Nicholas Theodore de Saussure, son of the Alpine explorer, showed in 1804 that when carbon is separated from the carbonic acid of the air by green plants, the elements of water are also assimilated, a result which owes its importance to the fact that starch is a combination of carbon with the elements of water. Saussure also proved that salts derived from the soil are essential ingredients of plant-food, and that green plants are unable to fix the free nitrogen of the air; all the nitrogen which they require is obtained from the ground.

We are unable to follow the history further. Though the main facts were established as early as the beginning of the nineteenth century, experimental results of scientific and practical interest have never ceased to accumulate down to the present time.

The Metamorphoses of Plants.

Speculations concerning the nature of the flower roused at one time an interest far beyond that felt in most botanical questions. The literary eminence of Goethe, who took a leading part in the discussion, heightened the excitement, and to this day often prompts the inquiry: What does modern science think of the Metamorphoses of Plants?
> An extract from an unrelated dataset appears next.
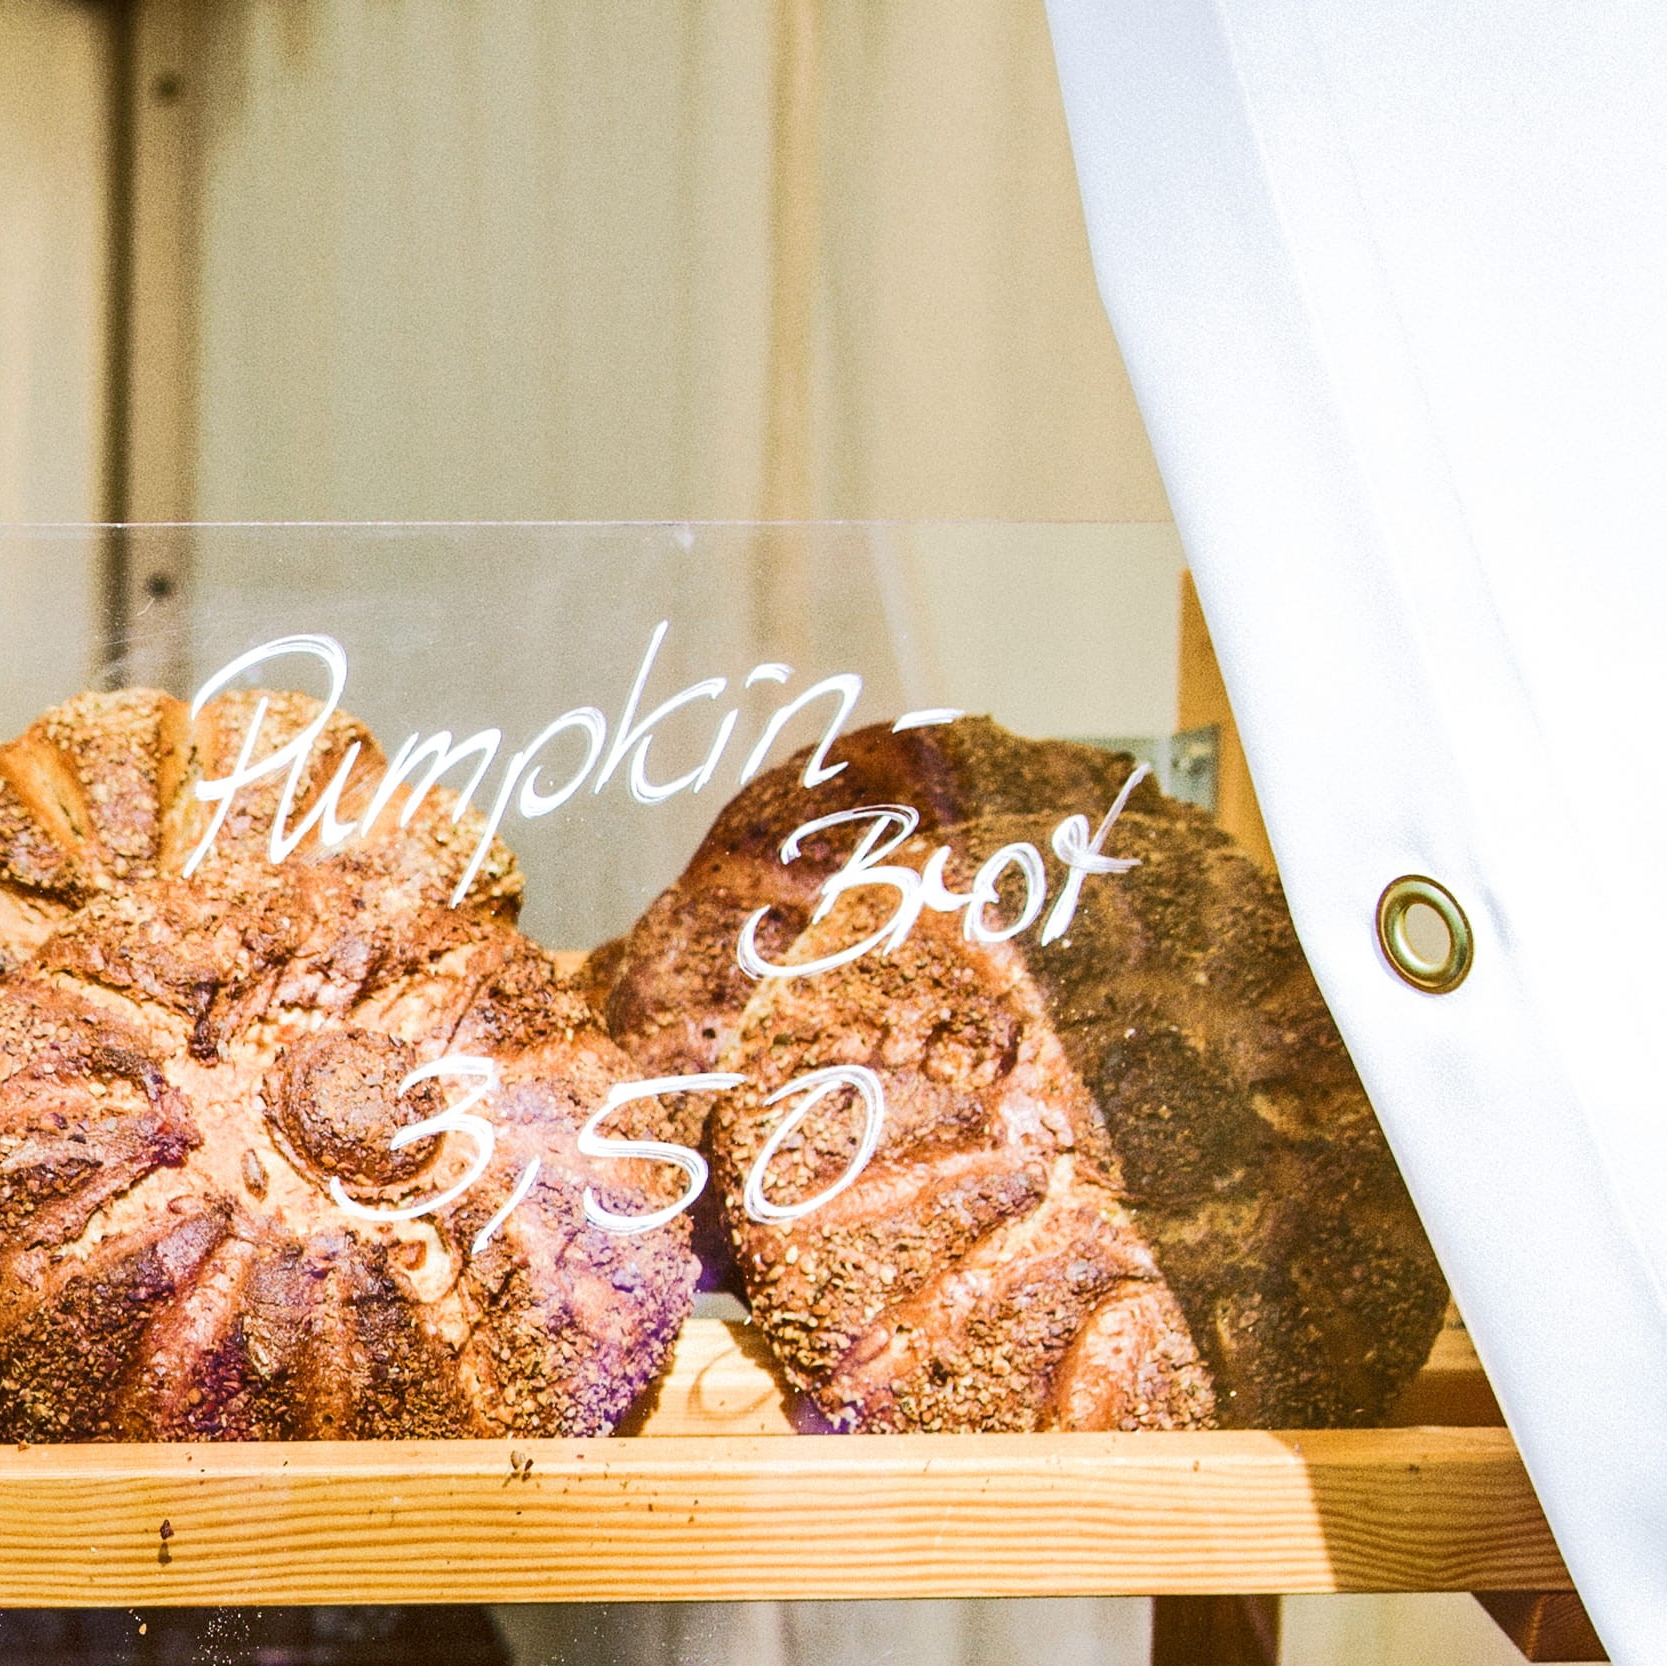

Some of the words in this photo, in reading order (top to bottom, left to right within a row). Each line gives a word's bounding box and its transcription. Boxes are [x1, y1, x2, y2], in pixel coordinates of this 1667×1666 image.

[181, 620, 965, 909] Pumpkin-
[737, 764, 1150, 981] Brot
[329, 1056, 886, 1254] 3,50
Let us first briefly notice some anticipations of Goethe's famous essay. In the last years of the sixteenth century Cesalpini, taking a hint from Aristotle, tried to establish a relation between certain parts of the flower and the component layers of the stem. Linnæus worked out the same notion more elaborately, and with a confidence which sought little aid from evidence. His wonderful theory of Prolepsis (Anticipation) need not be described, far less discussed, here. He also borrowed and adapted an analogy which had been thrown out by Swammerdam. The bark of a tree, which according to the theory of Prolepsis gives rise to the calyx of the flower, he compared to the skin of a caterpillar, the expansion of the calyx to the casting of the skin, and the act of flowering to the metamorphosis by which the caterpillar is converted into a moth or butterfly. More rational than the speculations just cited, and more suggestive to the morphologists of the future, are his words: "Principium florum et foliorum idem est" (Flower and leaf have a common origin)—which was not, however, a very novel remark in the eighteenth century. Long before Linnæus early botanists had remarked the resemblance of sepals, petals, and seed-leaves to foliage-leaves; Cesalpini has a common name for all (folium).

At the very time when Linnæus was occupied with his fanciful analogies, a young student of medicine named Caspar Friedrich Wolff, who was destined to become a biologist of great note, published a thesis which he called Theoria Generationis (Halle, 1759). This thesis marks an epoch in the history of animal embryology, but what concerns us here is that Wolff examined the growing shoot, and there studied the development of leaf and flower. He found that in early stages foliage-leaves and floral-leaves may be much alike, and thought that he could trace both to a soft or even fluid substance, which is afterwards converted into a mass of cells. It seemed to him possible to resolve the flowering shoot into stem and leaves only. Wolff's thesis, or at least that part of it which dealt with the plant, was little read and soon forgotten; his studies of the development of animals were carried further and became famous.